Investigadores y técnicos
El trabajador del CONICET explicó que ser becario consiste en «percibir un estipendio mensual con el objetivo de hacer un doctorado, que en la actualidad insume alrededor de 5 años».

Luego de realizar ese doctorado, los llamados «becarios» ya se encuentran «en condiciones de presentarse a la carrera de investigador y así entrar en planta permanente».

Por otro lado existe la formación dentro de la carrera de técnico.
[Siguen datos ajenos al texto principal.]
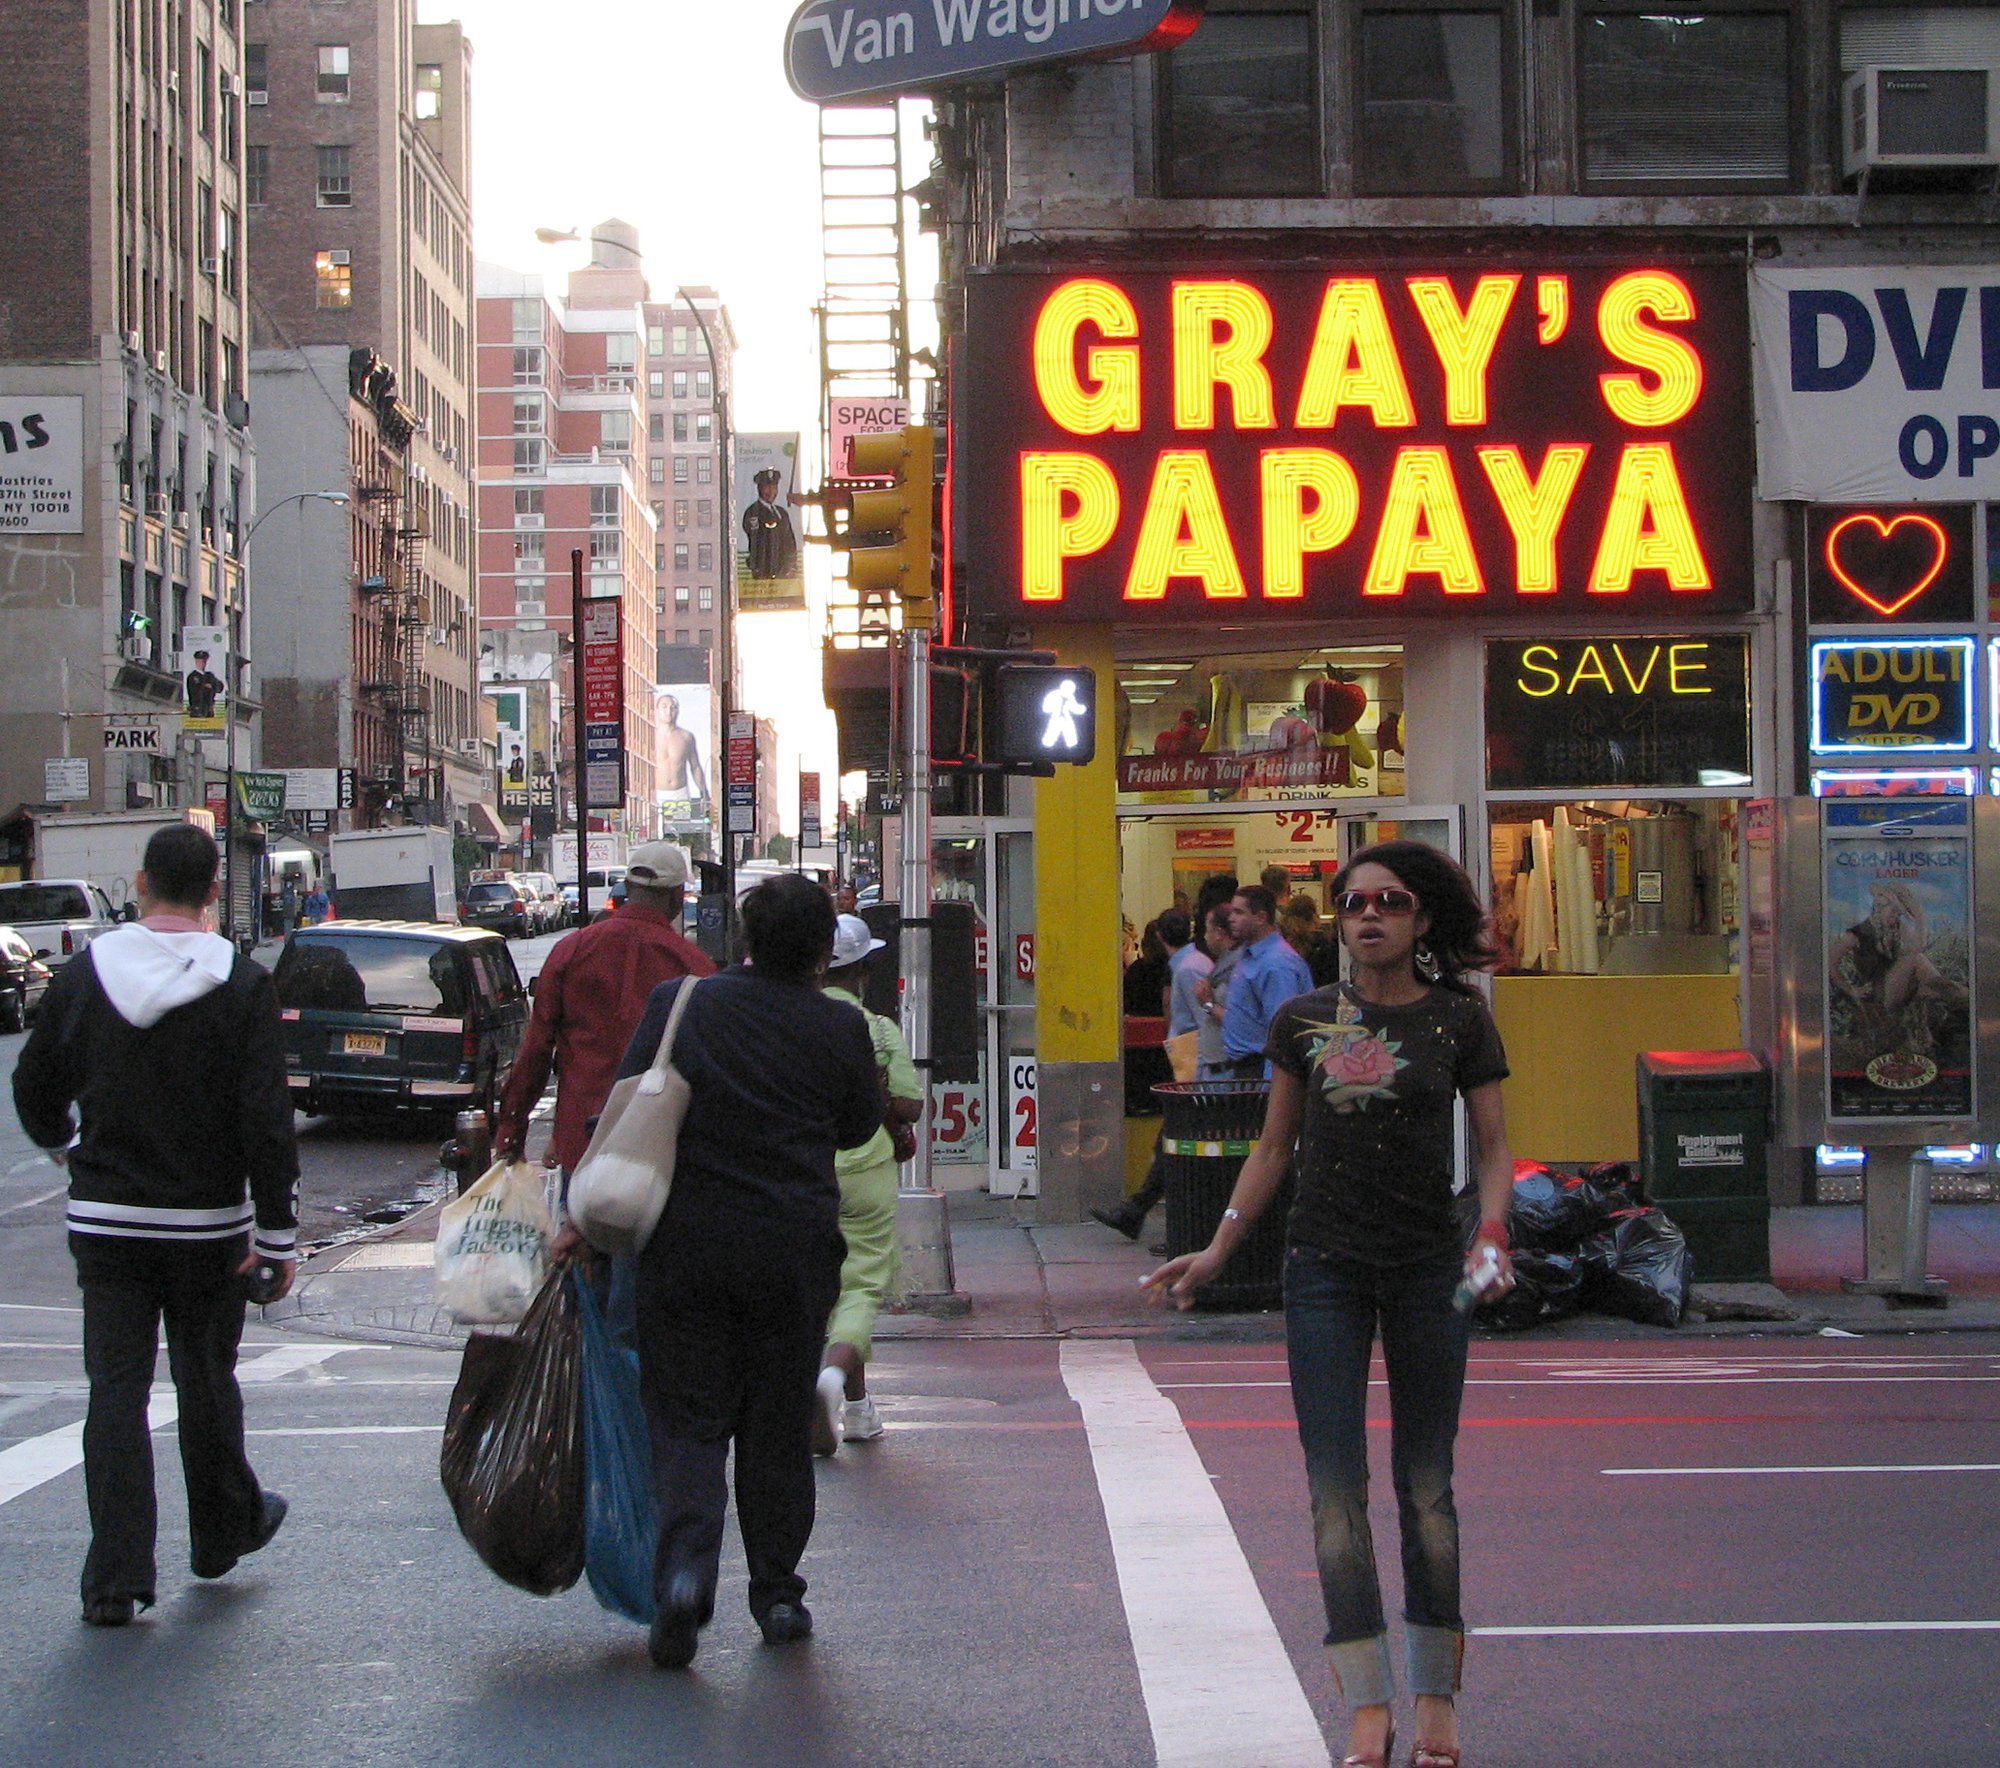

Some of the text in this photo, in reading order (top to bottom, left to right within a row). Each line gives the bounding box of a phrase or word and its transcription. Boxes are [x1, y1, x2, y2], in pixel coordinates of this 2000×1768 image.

[812, 8, 914, 69] Van
[1032, 269, 1702, 434] GRAY'S
[1788, 286, 2000, 392] DV
[838, 407, 907, 425] SPACE
[32, 490, 71, 499] Street
[4, 503, 70, 513] NY 10018
[1019, 441, 1713, 601] PAPAYA
[1517, 643, 1713, 697] SAVE
[1819, 646, 1966, 683] ADULT
[1847, 692, 1941, 732] DVD
[104, 729, 158, 749] PARK
[1127, 762, 1177, 783] Franks
[1183, 758, 1210, 781] For
[1215, 757, 1247, 779] Your
[502, 791, 553, 806] HERE
[1836, 851, 1962, 868] CORNHUSKER
[1677, 1133, 1744, 1147] Employment
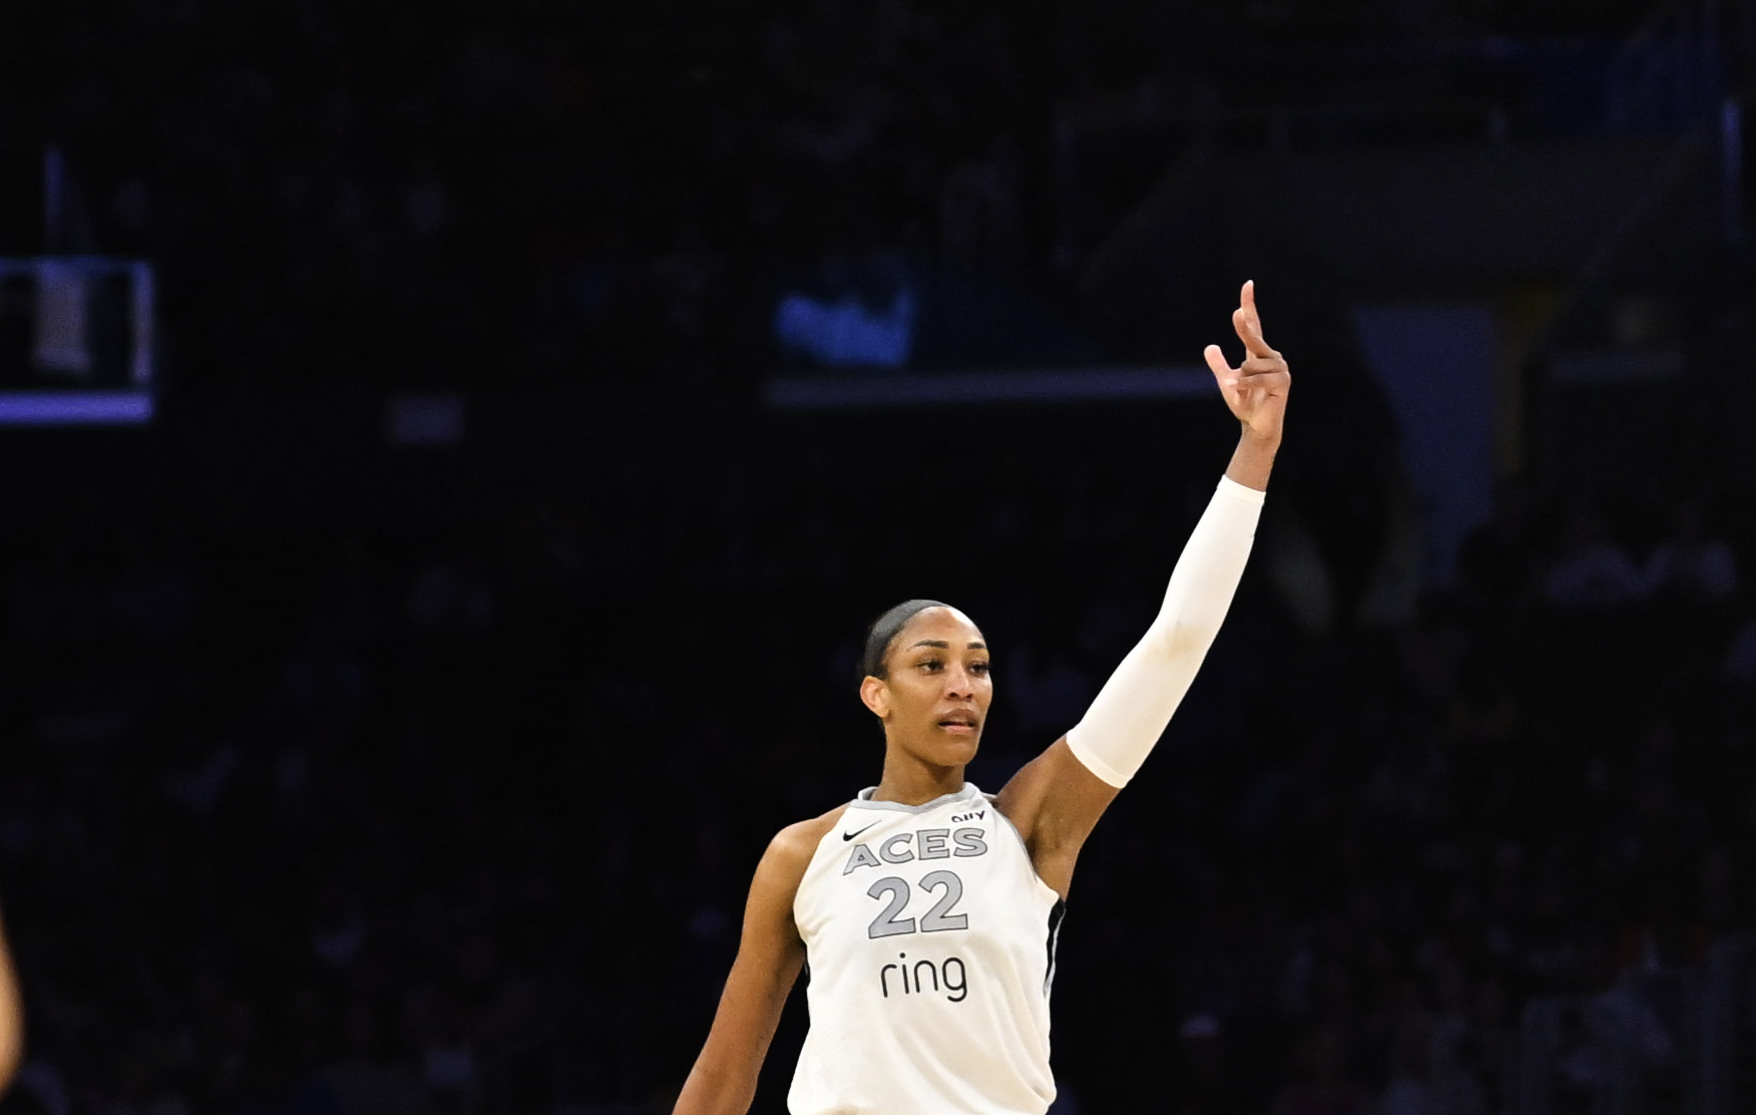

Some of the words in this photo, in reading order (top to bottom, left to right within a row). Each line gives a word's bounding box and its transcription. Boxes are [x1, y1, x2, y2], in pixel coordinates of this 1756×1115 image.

En este sentido, Nogueira detalló que «los técnicos son trabajadores que colaboran con los investigadores» y que su tarea es de gran relevancia, puesto que «si el investigador no tiene técnicos para realizar el trabajo rutinario que necesita para llevar adelante sus investigaciones, esas investigaciones van a llevar mucho tiempo».

Consecuencias: la fuga de cerebros
Nogueira remarcó además que este tipo de situaciones llevan a los investigadores a la «tentación de realizar sus tareas en otro país», produciéndose lo que se conoce como «fuga de cerebros».

«Los científicos tienen la tentación de efectuar sus tareas en otro país, donde quizás ganan lo mismo pero tienen las condiciones necesarias de instrumentos, partidas presupuestarias y ámbitos donde realizar su trabajo con una mejor satisfacción personal», apuntó.

En este sentido, subrayó que los investigadores del CONICET son en Argentina «trabajadores precarizados», puesto que «no tienen licencia, vacaciones ni aguinaldo».

«La falta de presupuesto hace que no tengamos muchas veces los elementos necesarios para trabajar, y a esto se suma que no recibimos un sueldo sino una retribución, un estipendio mensual en condiciones precarias», manifestó.